Declan’s eyes are wide and open, soft and accepting, when he turns around. He bends on one knee to be at eye level with me. The gesture reminds me of his proposal at the Museum of Modern Art in New York.

That moment feels like lifetimes ago.

“Isn’t this what you want?” Stillness lingers in the air between us, a welcome change from the chaos that has driven me forward through a life I didn’t choose, the Boston Wedding of the Year a tidal wave I never decided to ride. It was thrust on me. In the questioning quiet between us, right now, I can really take him in. He’s so handsome, the skin around his eyes full of expression, the green irises reflecting back a querulous me. His body heat warms the chill that invades as I navigate new territory.

“Dec, I don’t—I don’t know.” Salty regret fills my mouth, making it nearly impossible to untangle all the feelings and thoughts inside me. I don’t want to hurt him. I don’t want to say the wrong words, but it feels like every part of my life involving expressing myself is a gear with teeth that don’t fit in with the other gears that keep the machine working.

“You don’t know…whether you want to marry me?” His eyes dart to the three-carat ring on my hand, to the half-crumpled Nevada marriage license application in my hand, and then to my lap.

I drop the paper and cup his jaw in my hands. “No, no, I do. I do. I want to say those words more than anything in the world, Dec.” His mouth tightens, eyes going blurry, and I realize we both have too much emotion stored inside us to be able to handle it all.

There’s a point where your emotional resilience can be stretched so thin that even an overabundance of love isn’t enough.

And that is when you know that the outside world needs to be put in check.

I take a deep breath. He joins me. His arms slide around my neck as he comes up and in, holding me in an awkward embrace, a movement of impulse that lacks his usual grace. We’re all arms and elbows, knees and breasts, the grating sensation of a pen in his shirt pocket scratching my neck, his cufflink catching in a lock of my hair, but as my own palms spread across the fine cashmere of his suit jacket and my hitched sob dissolves into the little sanctuary our bodies create, I know it’ll be fine.

Better than fine.

“Thank God,” he says. “I was worried you were calling it all off.”

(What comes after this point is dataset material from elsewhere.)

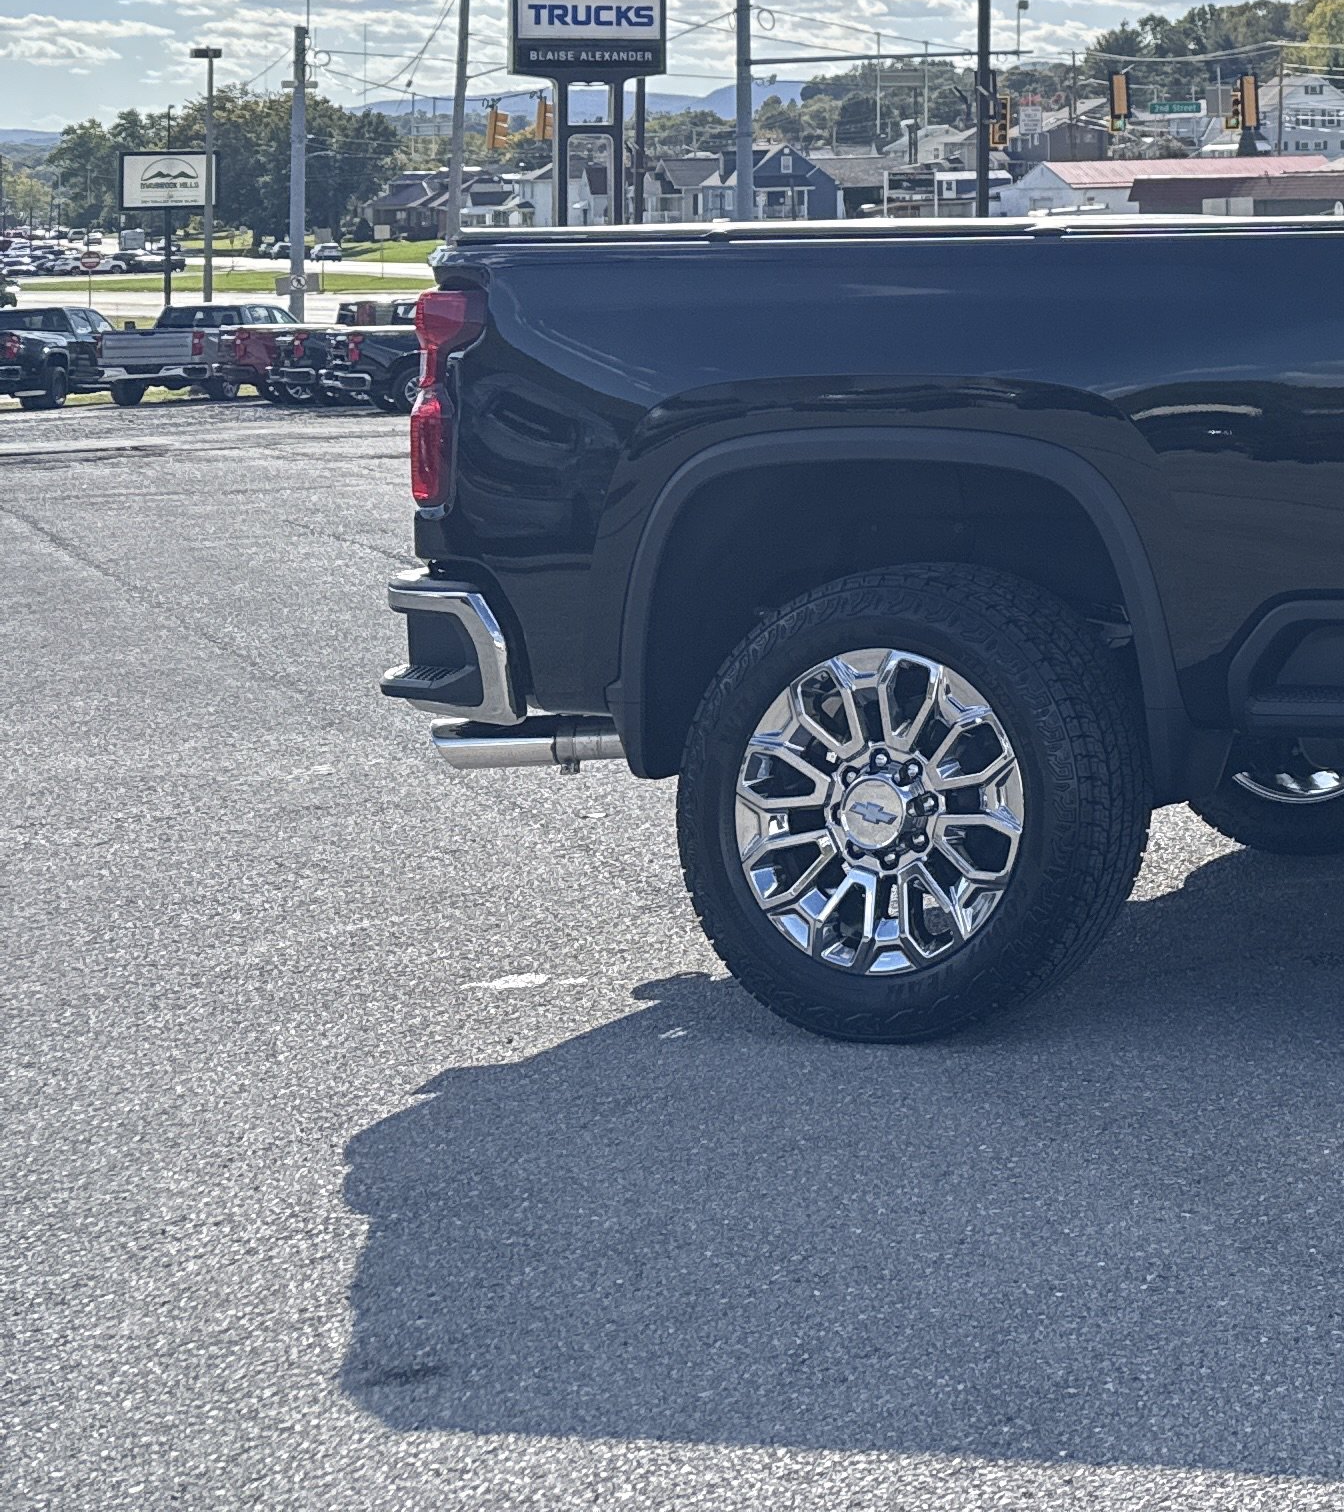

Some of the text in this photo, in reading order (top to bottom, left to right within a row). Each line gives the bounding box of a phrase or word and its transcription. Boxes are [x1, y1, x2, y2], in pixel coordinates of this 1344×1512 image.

[527, 3, 655, 27] TRUCKS
[529, 50, 653, 62] BLAISE ALEXANDER
[1172, 103, 1197, 113] Street

“I want to call off the bloodhounds. Not the marriage.”

He laughs through his nose, then sniffs. I pull back and look at him. He’s not quite crying, but emotion has overwhelmed him, his fiercely blank poker face completely disassembled by love.

Love for me.

“What do we do?” I ask, my fingers tender along his jaw, worrying a tiny scar.

“That’s up to you.”

“No, Dec. It’s up to us. What would you do? If I weren’t a factor.”

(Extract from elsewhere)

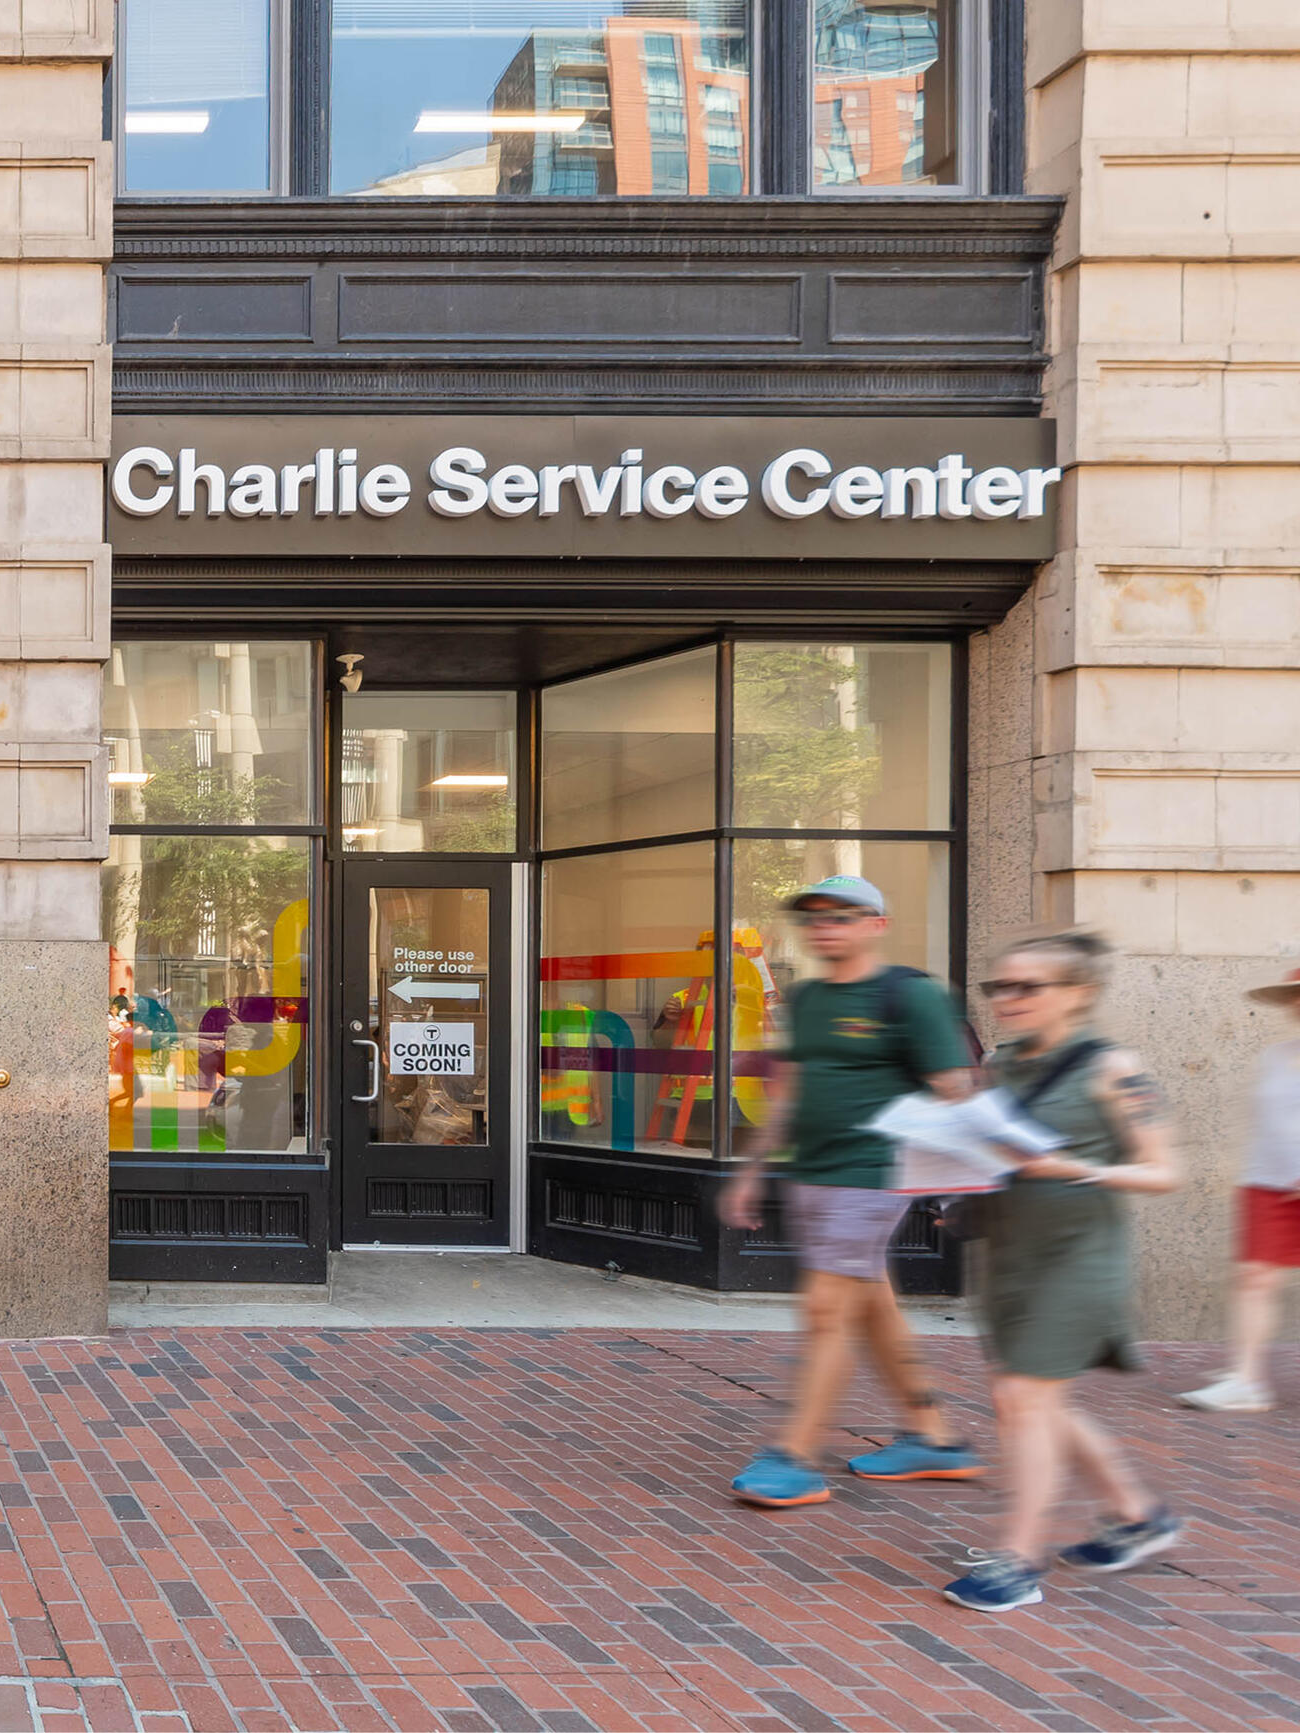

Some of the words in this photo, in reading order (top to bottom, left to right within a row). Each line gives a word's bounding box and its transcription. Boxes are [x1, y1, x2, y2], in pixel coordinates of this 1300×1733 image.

His full-throated laugh is contagious as I realize how ridiculous that sounds. “Considering I can’t marry myself, honey, I don’t think I can even begin to give you an answer to that question.”

“You know what I mean.”

Scratching his face, then rubbing his chin like he does when he’s sorting through a complex issue, he finally seems to give up and make a half shrug. “I’d run off and get married at a little wedding chapel here in the hotel. Alone. Just the two of us.”

“No Mom and Dad? No James?”

“You asked what I’d do. That’s the answer.”

“It wouldn’t bother you? In the future, when you look back on our anniversary, to remember the day without your loved ones there?”

“My loved one would be there. The only one who will be there with me through the end of my life.”

“Oh!”

“I do love my dad.” That’s the first time I’ve ever heard Declan say that. We’re in very vulnerable places now. “And I love Andrew and Terry, but I love you so, so much more, Shannon. You’re my real life.” He grips my arms harder, as if increasing the pressure will make me understand him better. Will make his words truer.

Will make his declaration more real.

“I have these circles. They’re concentric. I’m at the center, but you’re right next to me. Then there’s Dad, Andrew and Terry. Grace is right on the edge there, too. After that, there’s your family. Beyond that, a handful of friends. Then there’s everyone else. Business colleagues, old classmates, people on the street, employees….and they’re not quite real.”

“You sound like a sociopath.” I smile when I say it.

“No…not quite.” He frowns. “Maybe when it comes to business, but I can compartmentalize. I can’t do that with you, though. I can’t just put you in a box where I pull you out and deal with you and then tuck you back away. You are at the core of my life with me. You bleed into every part of who I am and you are going to shape the man I become for the rest of my life.”

Now he actually does have tears.

“We have spent the better part of a year letting all those outer circles drive us away from our inner core. You and me. When we marry, I view it like a fusion. We’re fusing our lives together. For nearly a year our families have worked on fusing themselves together through the wedding planning, but we let them take off with the pageantry of the wedding itself and forgot that at the heart of this big celebration, there’s a couple. Us. A couple who are going to have a marriage that lasts five or six decades. We let one little day become more important than the rest of our lives.”

He’s right. Oh, how my heart lifts at his words, his emotional unraveling like being caught in a maze and having someone give you an aerial map so you can find your way through to freedom.